Although she is still getting settled into her new role, she has definite goals, Geier said.

“My first goal is to relationship-build and provide some increased connectivity to those 23 agencies. Twenty-three different voices tend to drown each other out, so as we are more connected and work together with the same voice, we have a lot more power. [Another goal is] improving our message and recruiting more volunteers statewide to be CASA advocates,” she said.

“Our new message with national CASA is ‘CASA works to change a child’s story.’ There are over 4,000 kids in Arkansas in foster care. Our ultimate goal is to have a CASA advocate assigned to each child in foster care,” she said. “As a state, we have some goals; we want to do a better job recruiting advocates of color, [for example].

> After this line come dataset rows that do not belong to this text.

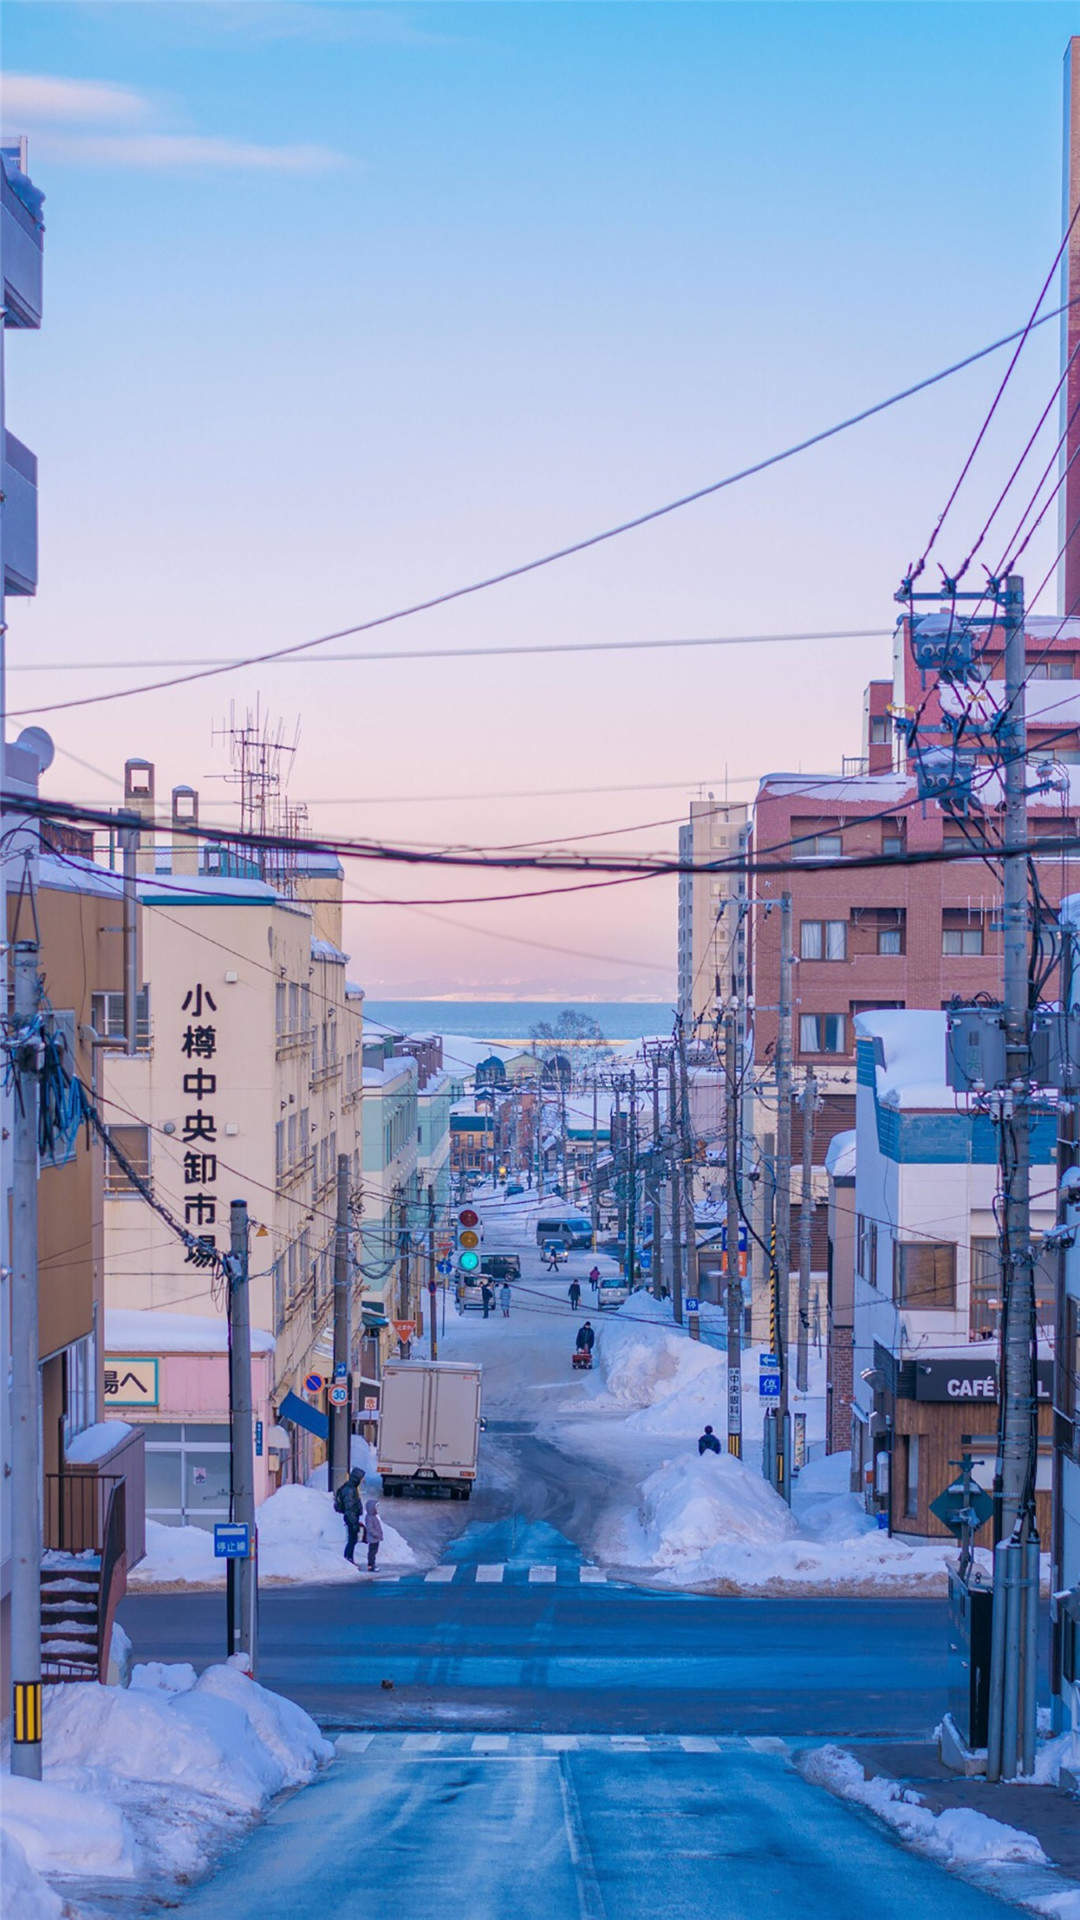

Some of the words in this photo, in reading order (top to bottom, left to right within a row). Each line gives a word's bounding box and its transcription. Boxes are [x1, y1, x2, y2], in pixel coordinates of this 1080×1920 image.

[763, 1378, 777, 1393] 停
[947, 1376, 995, 1397] CAFÉ
[332, 1389, 346, 1400] 30
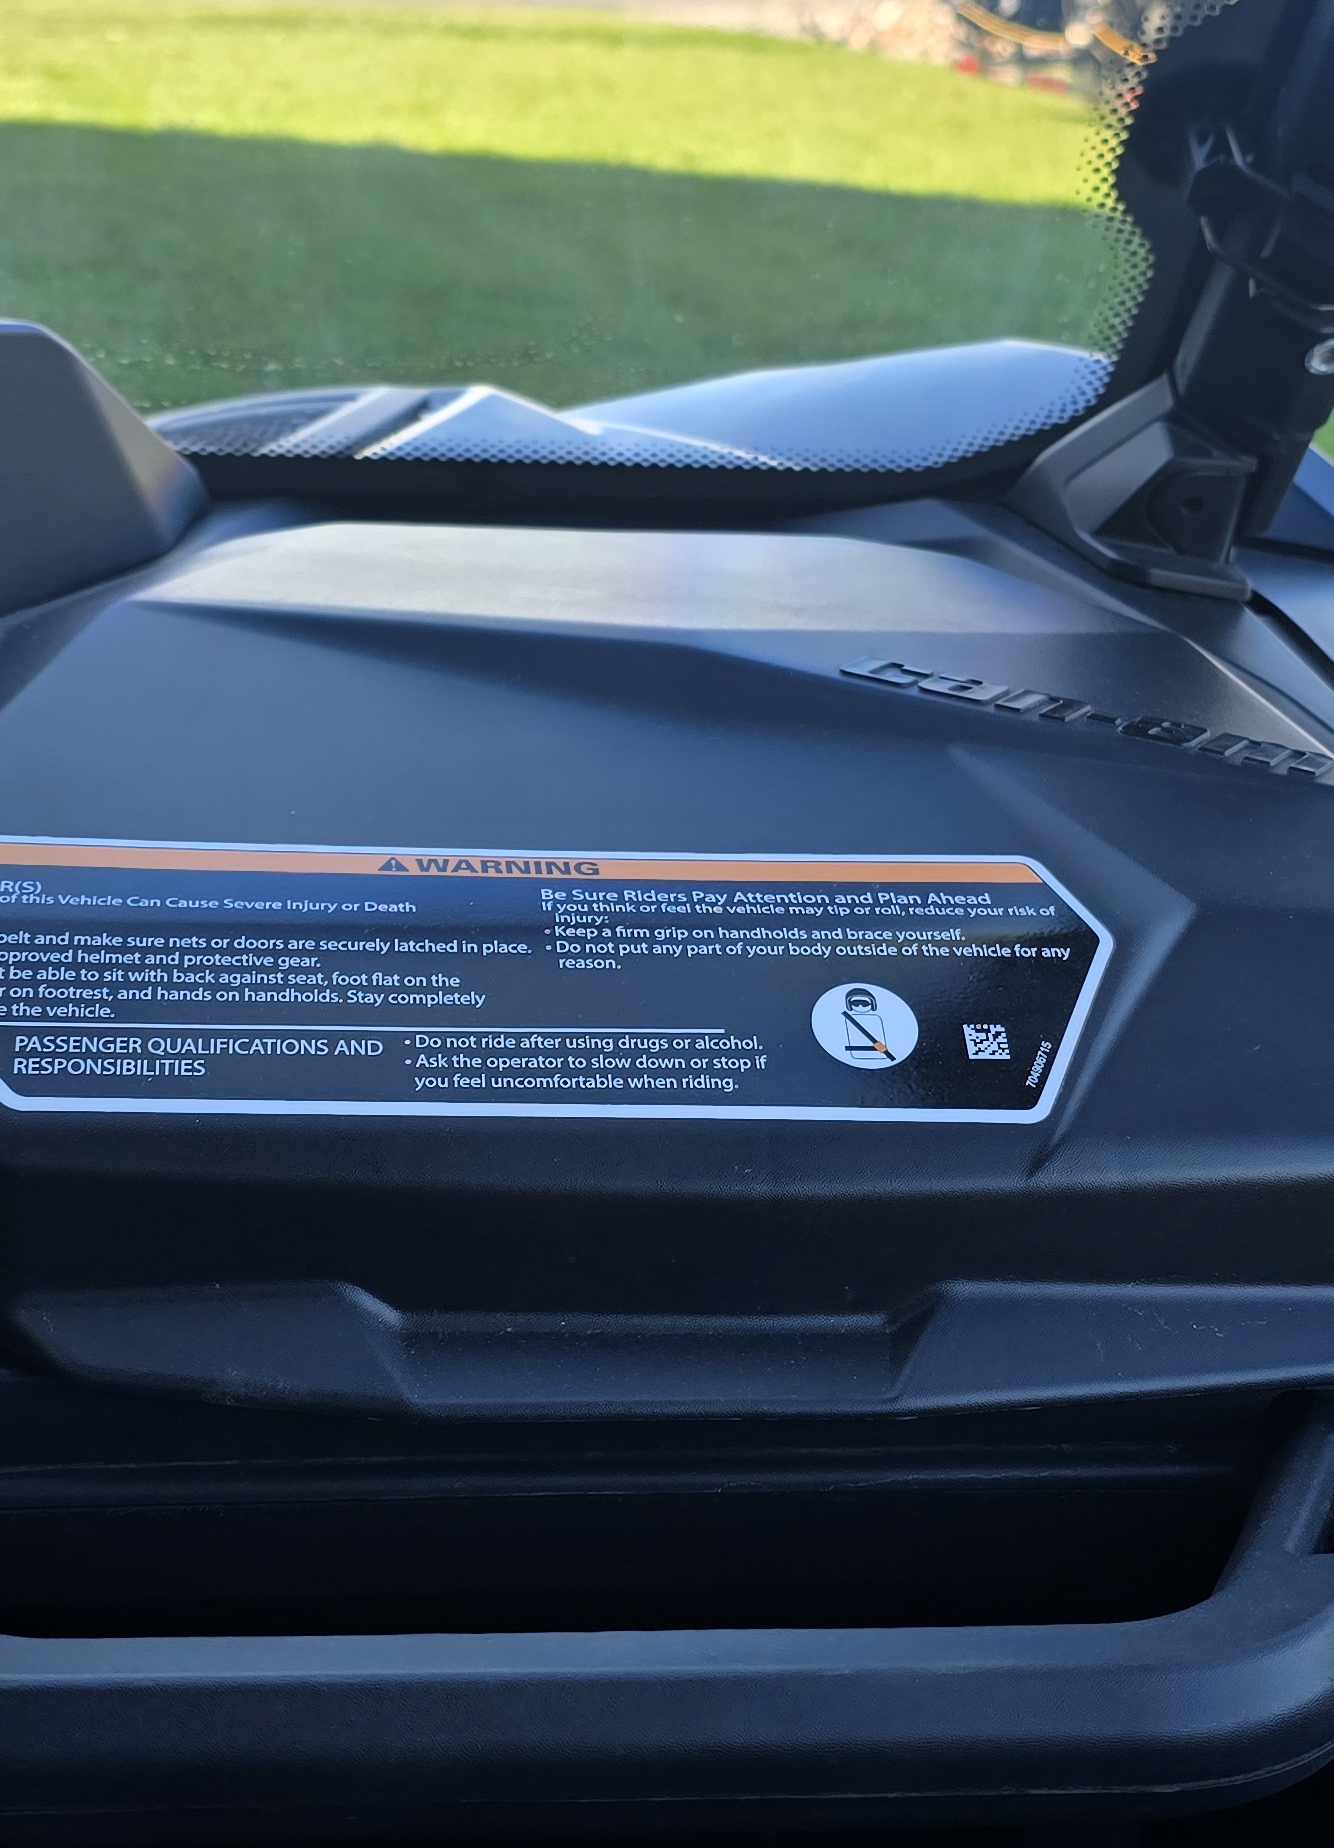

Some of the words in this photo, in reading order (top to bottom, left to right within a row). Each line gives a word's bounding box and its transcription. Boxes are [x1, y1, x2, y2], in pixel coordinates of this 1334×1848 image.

[415, 858, 600, 876] WARNING
[0, 893, 17, 903] of
[22, 893, 54, 904] this
[58, 895, 122, 905] Vehicle
[127, 897, 160, 906] Can
[166, 898, 218, 908] Cause
[224, 899, 282, 909] Severe
[365, 902, 416, 912] Death
[541, 889, 566, 901] Be
[572, 889, 618, 901] Sure
[624, 890, 687, 902] Riders
[692, 891, 727, 906] Pay
[734, 892, 829, 903] Attention
[835, 892, 873, 904] and
[878, 892, 921, 904] Plan
[928, 893, 991, 905] Ahead
[542, 901, 552, 911] If
[555, 904, 588, 914] you
[592, 902, 636, 912] think
[661, 903, 691, 913] feel
[695, 902, 722, 913] the
[726, 904, 784, 914] vehicle
[789, 907, 823, 916] may
[827, 905, 850, 916] tip
[875, 905, 905, 916] roll,
[909, 905, 964, 915] reduce
[967, 908, 1003, 917] your
[1008, 906, 1036, 916] risk
[1040, 906, 1055, 916] of
[34, 932, 69, 945] and
[74, 933, 123, 946] make
[127, 937, 164, 947] sure
[169, 936, 206, 947] nets
[211, 939, 230, 948] or
[234, 936, 284, 949] doors
[288, 940, 315, 949] are
[320, 938, 390, 954] securely
[395, 939, 457, 952] latched
[462, 941, 477, 952] in
[483, 940, 532, 956] place.
[555, 926, 597, 940] Keep
[602, 929, 611, 938] a
[616, 926, 649, 937] firm
[654, 927, 688, 940] grip
[692, 930, 714, 938] on
[718, 927, 807, 939] handholds
[812, 928, 842, 940] and
[846, 928, 892, 940] brace
[896, 929, 965, 943] yourself.
[78, 950, 141, 964] helmet
[145, 952, 179, 964] and
[184, 954, 274, 968] protective
[278, 957, 320, 969] gear.
[556, 941, 581, 952] Do
[586, 942, 614, 952] not
[619, 943, 648, 956] put
[653, 945, 682, 957] any
[687, 944, 722, 957] part
[726, 942, 742, 954] of
[746, 946, 784, 957] your
[789, 943, 831, 958] body
[836, 943, 897, 955] outside
[902, 943, 918, 955] of
[922, 944, 949, 956] the
[953, 944, 1011, 957] vehicle
[1014, 944, 1037, 957] for
[1042, 948, 1070, 960] any
[559, 959, 621, 969] reason.
[9, 966, 33, 979] be
[37, 967, 76, 980] able
[80, 969, 99, 981] to
[104, 969, 124, 981] sit
[128, 969, 167, 982] with
[173, 969, 215, 983] back
[219, 971, 284, 986] against
[288, 973, 328, 988] seat,
[332, 972, 368, 985] foot
[372, 972, 400, 986] flat
[404, 977, 426, 986] on
[431, 974, 460, 987] the
[10, 988, 33, 997] on
[38, 984, 113, 1002] footrest,
[117, 986, 152, 999] and
[157, 987, 211, 1000] hands
[216, 991, 239, 1001] on
[245, 988, 343, 1003] handholds.
[347, 990, 384, 1006] Stay
[388, 991, 485, 1008] completely
[11, 1002, 42, 1016] the
[46, 1003, 114, 1017] vehicle.
[15, 1036, 141, 1053] PASSENGER
[148, 1038, 328, 1055] QUALIFICATIONS
[334, 1040, 383, 1055] AND
[416, 1035, 443, 1047] Do
[447, 1036, 477, 1048] not
[482, 1035, 515, 1048] ride
[520, 1034, 561, 1048] after
[566, 1036, 613, 1052] using
[618, 1035, 668, 1054] drugs
[673, 1039, 691, 1049] or
[695, 1036, 763, 1049] alcohol.
[14, 1058, 205, 1076] RESPONSIBILITIES
[416, 1054, 448, 1067] Ask
[452, 1054, 482, 1067] the
[487, 1056, 564, 1071] operator
[568, 1056, 586, 1068] to
[591, 1053, 631, 1068] slow
[636, 1055, 685, 1068] down
[690, 1058, 708, 1068] or
[713, 1057, 751, 1072] stop
[755, 1055, 766, 1069] if
[415, 1077, 448, 1091] you
[453, 1074, 485, 1087] feel
[492, 1074, 623, 1088] uncomfortable
[628, 1074, 677, 1088] when
[682, 1074, 738, 1092] riding.

“Sometimes it’s easy to get disheartened by the numbers, but there are so many great people walking alongside children and their families who have experienced abuse and neglect. It’s amazing how many people volunteer their time for children they don’t even know initially.”

Geier said she was never a CASA advocate.

“I was coming from a parallel system. I worked alongside CASA as a therapist,” she said.

“Sometimes our systems become silos, and it is difficult to work toward holistic healing from trauma,” she said. “Research tells us that as social beings, humans crave healthy relationships. Stable, healthy, consistent relationships are both barriers to trauma and the balm through trauma treatment.”

Geier said Arkansas CASA “has a unique position to bridge all of the silos surrounding children in foster care.”

She said her intention is to be a leader like her father was and have his thirst for knowledge.

“My dad was just a lifelong learner, and I think anybody who ever met him knew that. He was like a walking Trivial Pursuit game. He would say he was a disciple of knowledge,” she said, laughing. “I never know everything, and there are more resources and experts and voices to hear from all the time.”

Geier said her goal includes exhibiting “gentle leadership,” like her father did.

“I can’t think of a better servant leader to walk alongside. There’s a quote that you want to build a team so strong that no one can point out the leader, and I think that’s who my dad was as a leader in our family and in our friends’ groups and within the different organizations he worked in.”

Geier emphasized that everyday people are the basis for CASA’s work.

“The thing I keep going back to is that CASA depends on volunteers, that a lot of people think in order to work with a kid in foster care or to make a difference, they have to have a special degree or a special background, but CASA just weaves together people from all backgrounds, all walks of life, whose passion is children.”

She said advocates are needed “to be a consistent adult in the lives of foster children and change their story to a story of hope and resilience and a good outcome.”

And she wants those children to be able to laugh.